Printing a label on organza that has been run through a photocopier (iron it onto freezer paper) and then fusing it to a fusible web creates a label that is very small, legible, and virtually invisible. If the art cloth is installed in the room where viewers may walk around it, then identifying labels should be removed altogether.
Please avoid tying the top corners of art cloths into knots and then slipping mono filament through the knots. Besides being unattractive and unprofessional, these bulky knots add an unwelcome decorative dimension to the piece and hide the surface imagery in the knot areas.
Also, avoid exposing art cloth to direct sunlight.
Contributors to these guidelines: Jane Dunnewold, Susie Krage, Pam Relitz, Katherine Sylvan, Wrenn Slocum
The Expansion of the Square
Notan is a Japanese word which means "dark-light.” The word, however, means more than that. The principle of Notan as it relates to design is defined as the interaction between positive (light) and negative (dark) space.
Western culture tends to emphasize the positive aspect of design, with less emphasis on the negative (background) space. The Eastern culture, from which Notan arose, seeks a more balanced view of the world and of design as it relates to the world.
The classic yin/yang symbol is a reflection of this desire for balance.
Notan, the interaction of positive and negative, or field and ground, is the basis of all good design and exists all around us. The "Expansion of the Square" exercise is one Notan exercise designed to study the interaction of positive and negative space, but these very cool designs can also be turned into quilt blocks, images to be printed, or small embroideries.
Both symmetrical (the same all around) and asymmetrical (different on each side) designs can be achieved through the use of the expanded square concept. In order for the exercise to be completed successfully, there must be a feeling of balance in the design created. A symmetrical design can still be heavy, ponderous, or boring. If the design is working, it will be interesting and will feel balanced on all four sides. Test this idea by turning your paper as you study a completed design. Does it measure up when rotated and studied? Is it interesting from all directions?

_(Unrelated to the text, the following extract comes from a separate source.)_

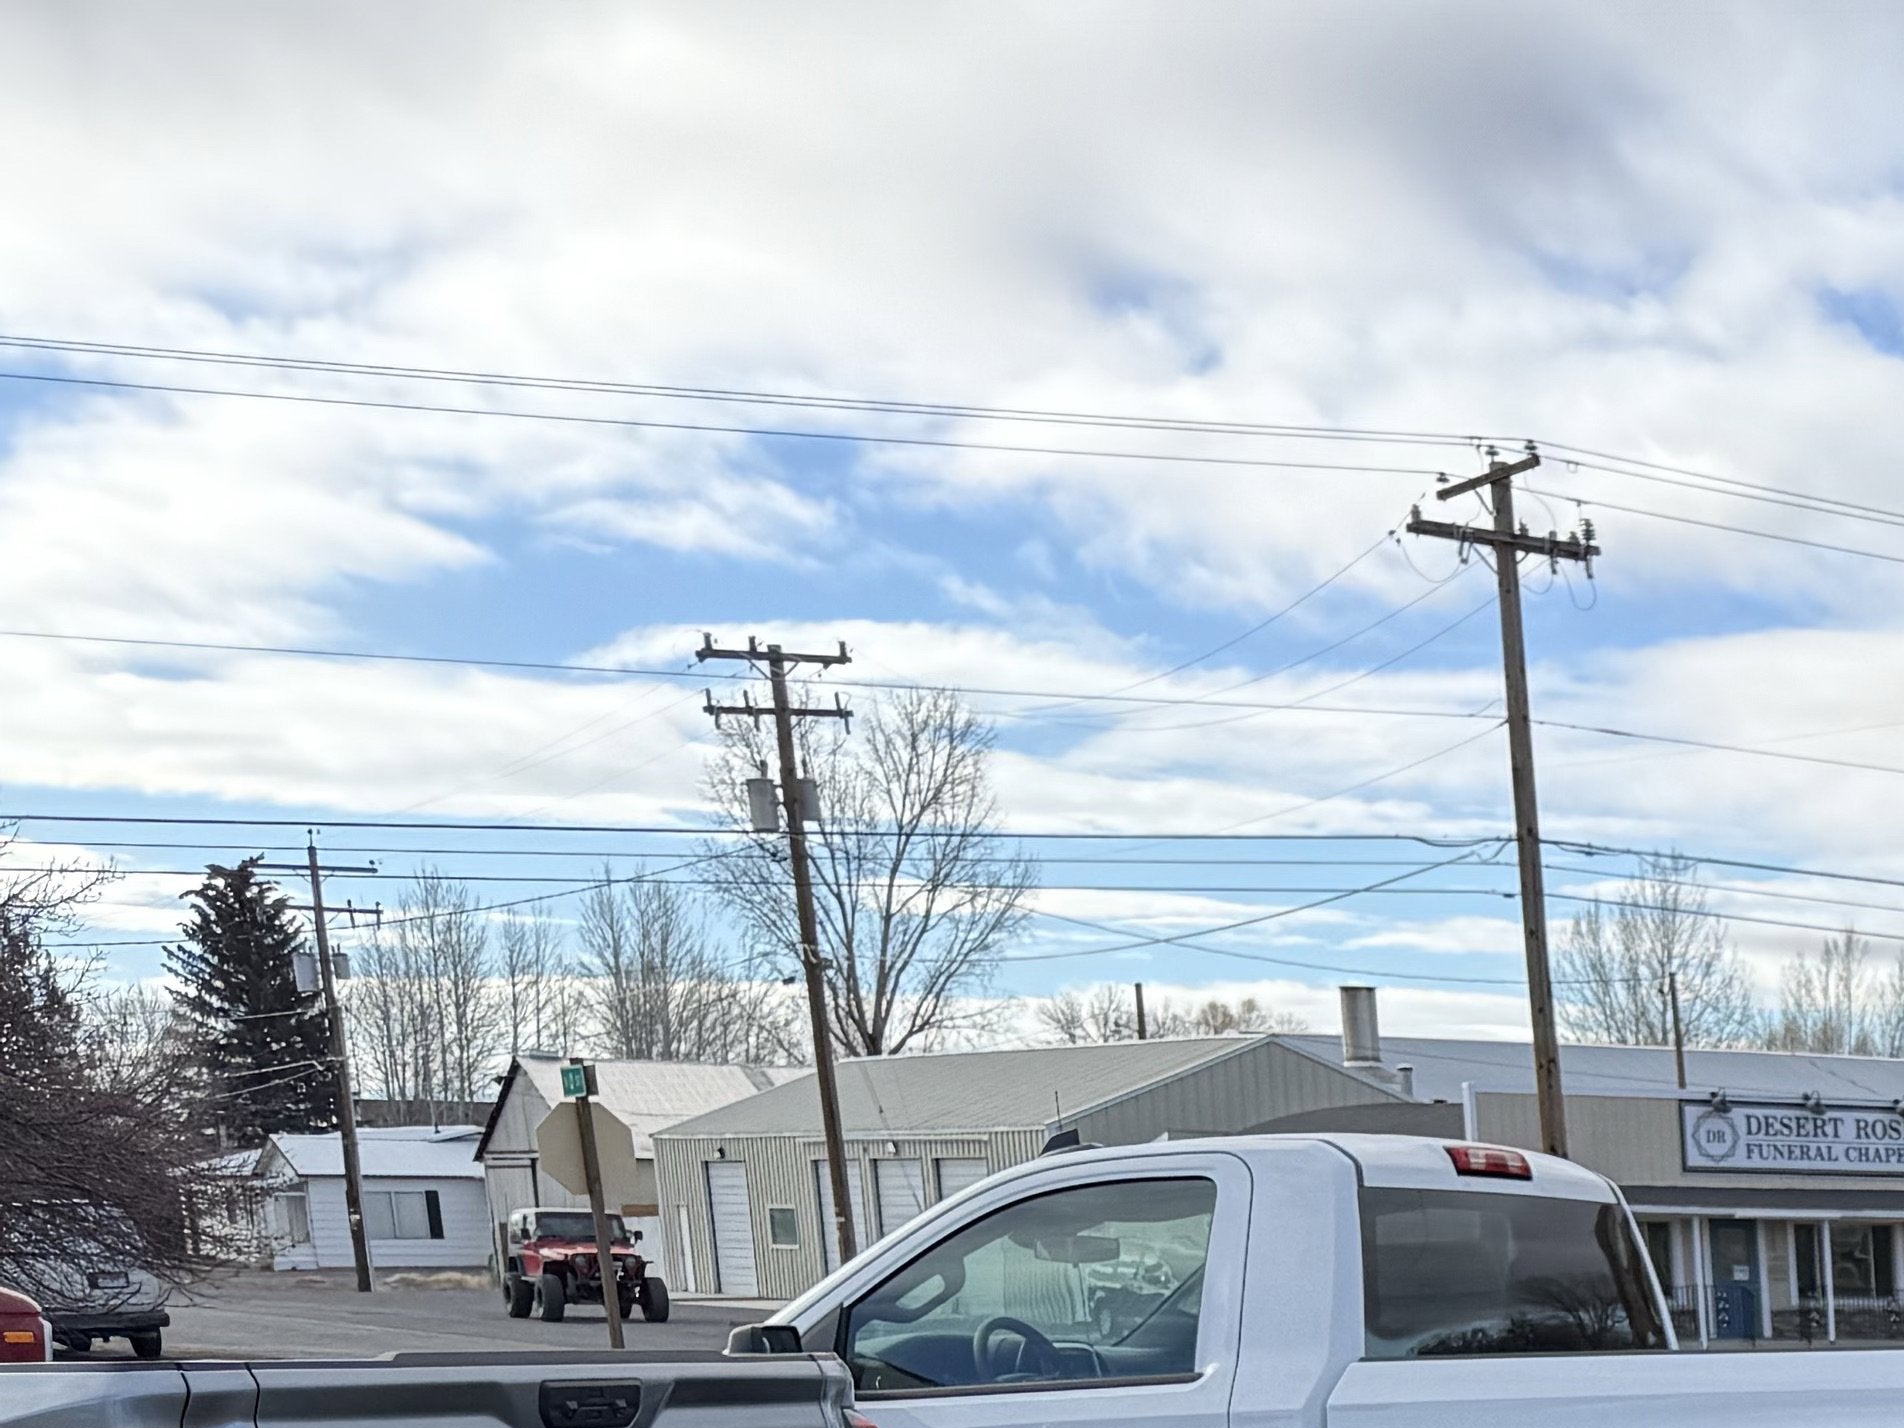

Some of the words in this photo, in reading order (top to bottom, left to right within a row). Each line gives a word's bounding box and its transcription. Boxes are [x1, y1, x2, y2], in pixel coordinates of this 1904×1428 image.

An asymmetrical design will, by its nature, consist of shapes which are not alike. Even though this is true, the design should also be strong enough to stand up to scrutiny from all angles. If the expanded square has succeeded, it should have an interesting shape in what remains of the original square, and also feel well-balanced in terms of the expanded parts and how they balance one another.
How to Make an Expanded Square
To create an expanded square, try this: Use black paper and an exacto knife with a #11 blade, or small, sharp scissors. The best paper is an art paper, not construction paper which tears easily. Canson and MiTientes are both good art papers and can be found at many art and craft type stores or ordered from Dick Blick.

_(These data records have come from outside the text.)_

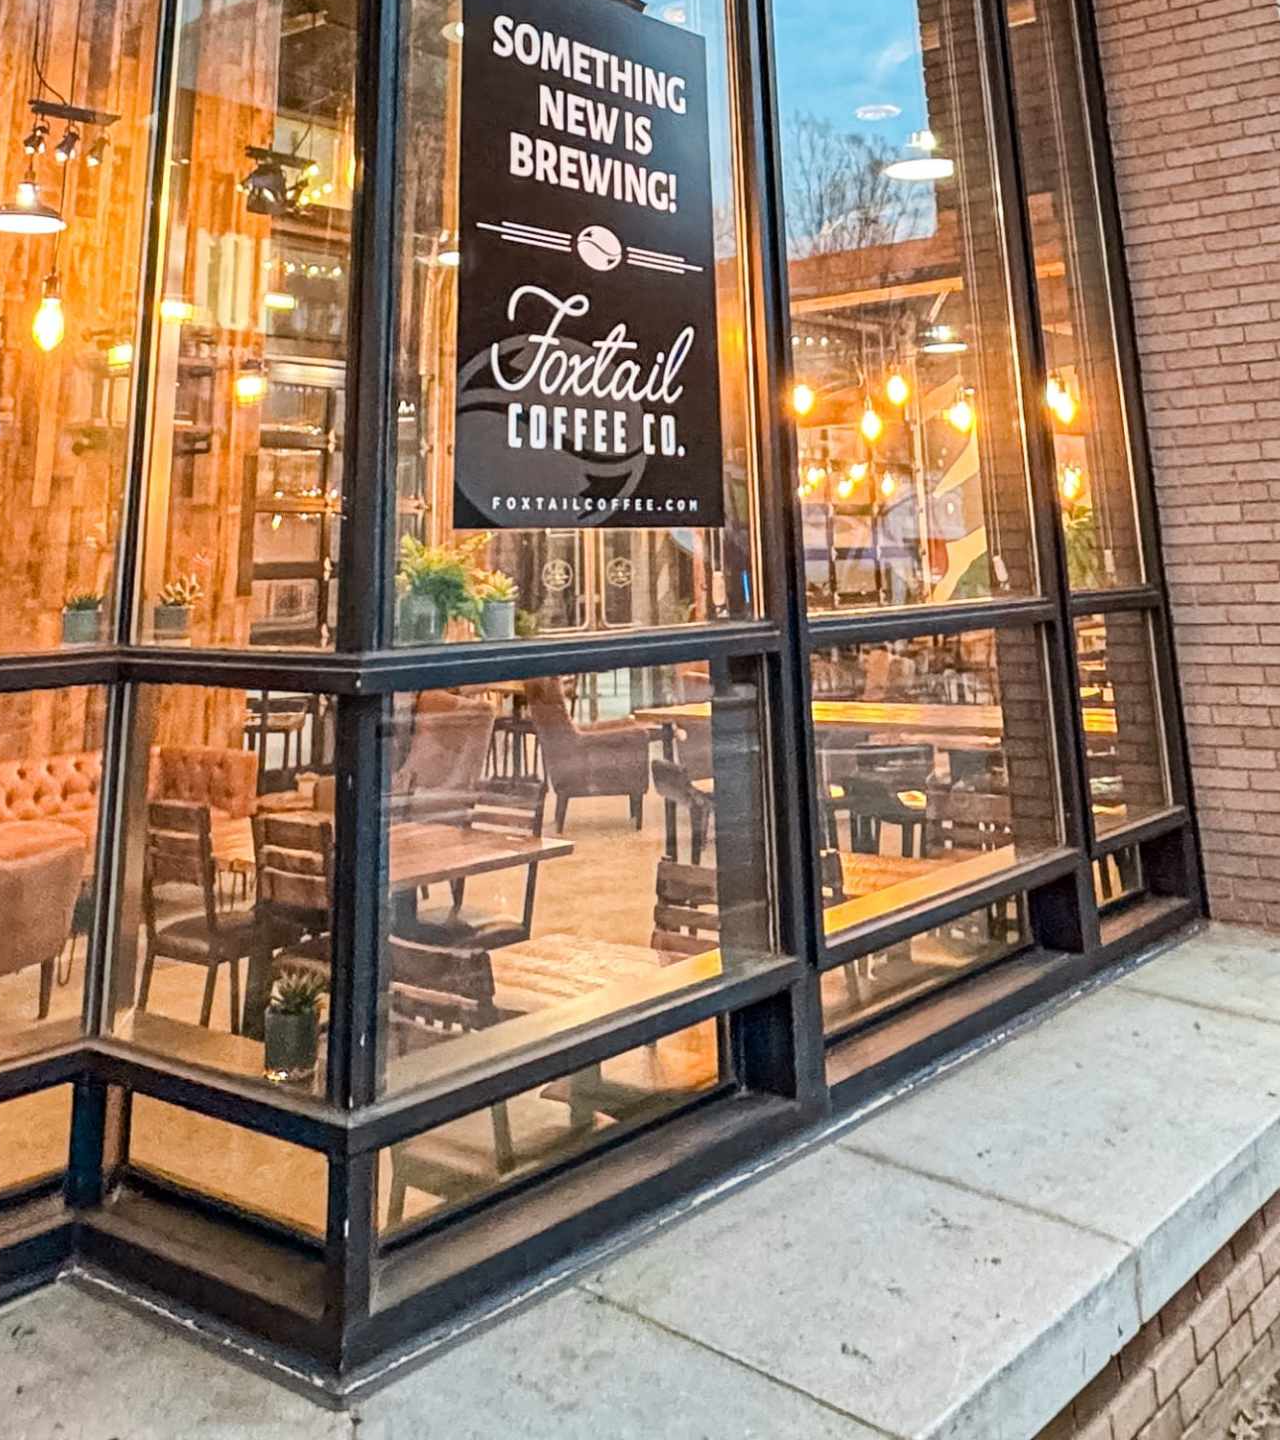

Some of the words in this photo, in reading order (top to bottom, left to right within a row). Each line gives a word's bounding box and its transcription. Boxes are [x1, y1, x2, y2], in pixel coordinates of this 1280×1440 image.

[492, 14, 687, 115] SOMETHING
[538, 84, 619, 144] NEW
[624, 111, 653, 156] IS
[509, 131, 678, 214] BREWING!
[490, 284, 695, 405] Foxtail
[507, 403, 628, 454] COFFEE
[642, 413, 686, 457] CO.
[492, 496, 699, 512] FOXTAILCOFFEE.COM

Also have ready a ruler, glue stick, and a pad of white paper at least 11" x 14”. Larger paper gives you more room for gluing down the pieces. Cut out a series of 5" squares from the black paper. Smaller squares are hard to use; bigger ones take up a lot of room on the white paper. These squares should be as perfect as possible, as uneven sides or angles will skew the exercise.
Now begin cutting shapes from the sides of the square. Every time you cut out a shape, it must be glued down as the mirror image from where it was cut. The basic idea is to cut out the piece, flip it out so that it mirrors its cut out space, and then glue it down. See the examples to get the hang of this. DO NOT CUT INTO THE CORNERS OF THE SQUARE. MAINTAIN THE ORDER OF ITS SHAPE. No pieces can be discarded. Every piece you cut away from the square needs to be glued down in its opposing position on the paper. Cutting through the center makes it hard. Then you have to figure out which side to put the cut out on. In the beginning, avoid cutting through the center.